04.03.2006 Artikelansicht
Ausschnitt Zeitungsausschnitt
Drucken Drucken

 

Rotwerden ist normal!
Wer sich das Farbenspiel im Gesicht gestattet, ist schneller damit fertig
Fast jeder kennt das: In Situationen, die als peinlich oder unangenehm empfunden werden, schießt das Blut in den Kopf. Gesicht und Ohren werden warm und wärmer. Und das schlimmste: Die ganze Welt schaut zu und amüsiert sich...
Denkt man. Doch keine Angst: Die Welt nimmt einen selten so wichtig wie man sich selbst nimmt. Und schaut deshalb auch gar nicht so genau zu, wie man sich das im Moment der Pein vorstellt. Karin Schreiner-Kürten, Diplom-Psychologin beim AOK-Bundesverband: »Erröten ist eine ganz normale körperliche Reaktion, die hohe Konzentration und Anspannung anzeigt. Am besten ist es, das Rotwerden nicht überzubewerten und es nicht als Katastrophe anzusehen, dann geht es meist schnell wieder weg.«
Rotwerden entsteht durch Stress.
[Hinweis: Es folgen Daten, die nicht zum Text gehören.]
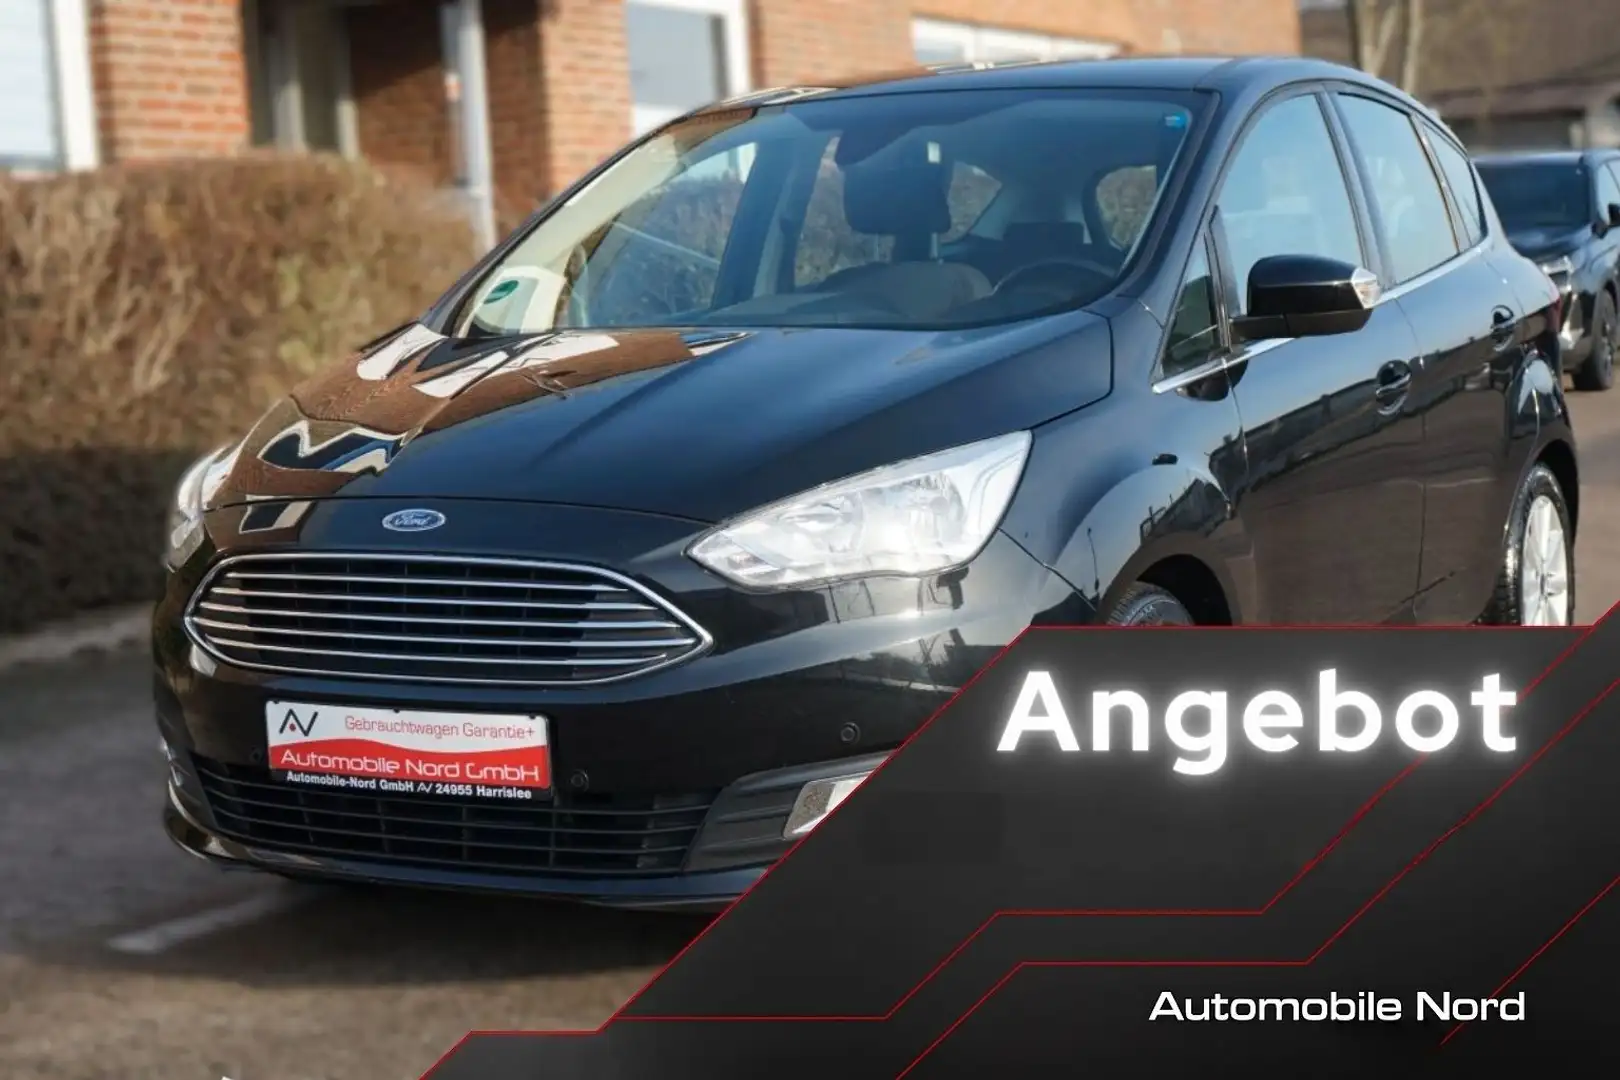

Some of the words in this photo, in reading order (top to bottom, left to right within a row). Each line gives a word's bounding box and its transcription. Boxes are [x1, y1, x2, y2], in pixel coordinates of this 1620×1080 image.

[345, 715, 459, 739] Gebrauchtwagen
[462, 723, 536, 740] Garantie+
[280, 749, 400, 775] Automobile
[404, 759, 460, 778] Nord
[465, 763, 540, 782] GmbH
[286, 770, 376, 790] Automobile-Nord
[380, 778, 415, 793] GmbH
[435, 784, 473, 796] 24955
[476, 786, 532, 800] Harrislee
Das Gehirn sendet Hormone aus, das Herz schlägt schneller, der Blutdruck steigt, Adrenalin wird ausgeschüttet. Das Blut schießt nicht nur verstärkt in die Muskeln, sondern auch in das Gehirn - und damit in den Kopf. Die Folge: Die Betroffenen werden rot.
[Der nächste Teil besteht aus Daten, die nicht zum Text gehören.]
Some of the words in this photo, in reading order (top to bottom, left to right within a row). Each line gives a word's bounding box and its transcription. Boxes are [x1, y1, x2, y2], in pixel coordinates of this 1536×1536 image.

Dass man im Gesicht am stärksten errötet, liegt daran, dass die Blutgefäße dort weiter sind als in anderen Hautregionen und dass sie dicht unter der Hautoberfläche liegen.
Die Ursachen für das Erröten aus Scham sind vielfältig. »Typische Situationen sind Kritik oder auch Lob«, sagt Karin Schreiner-Kürten. »Meist passiert es, wenn der Betroffene im Mittelpunkt steht. Wer zum Beispiel eine Rede vor Publikum hält und das Gefühl hat, dass alle ihn anstarren, läuft unter Umständen rot an.«
Während manche Menschen selten oder gar nicht erröten, geschieht dies bei anderen häufiger. »Wichtig ist, das Rotwerden nicht als Schwäche zu deuten, sondern es als etwas ganz Normales anzusehen. Das fördert die Selbstsicherheit und hemmt das Erröten«, rät die Psychologin. Doch völlig vermeiden kann man weder unangenehme Situationen noch die Gefahr, darüber zur Rothaut zu werden. Karin Schreiner-Kürten empfiehlt deshalb die Flucht nach vorn: »Statt in Panik auszubrechen, ist es besser, Ruhe zu bewahren und sich das eigene Rotwerden zu erlauben«, empfiehlt die Psychologin. »Denn während man sich selbst meist sehr kritisch beobachtet, nehmen andere das Erröten oft weit weniger stark wahr.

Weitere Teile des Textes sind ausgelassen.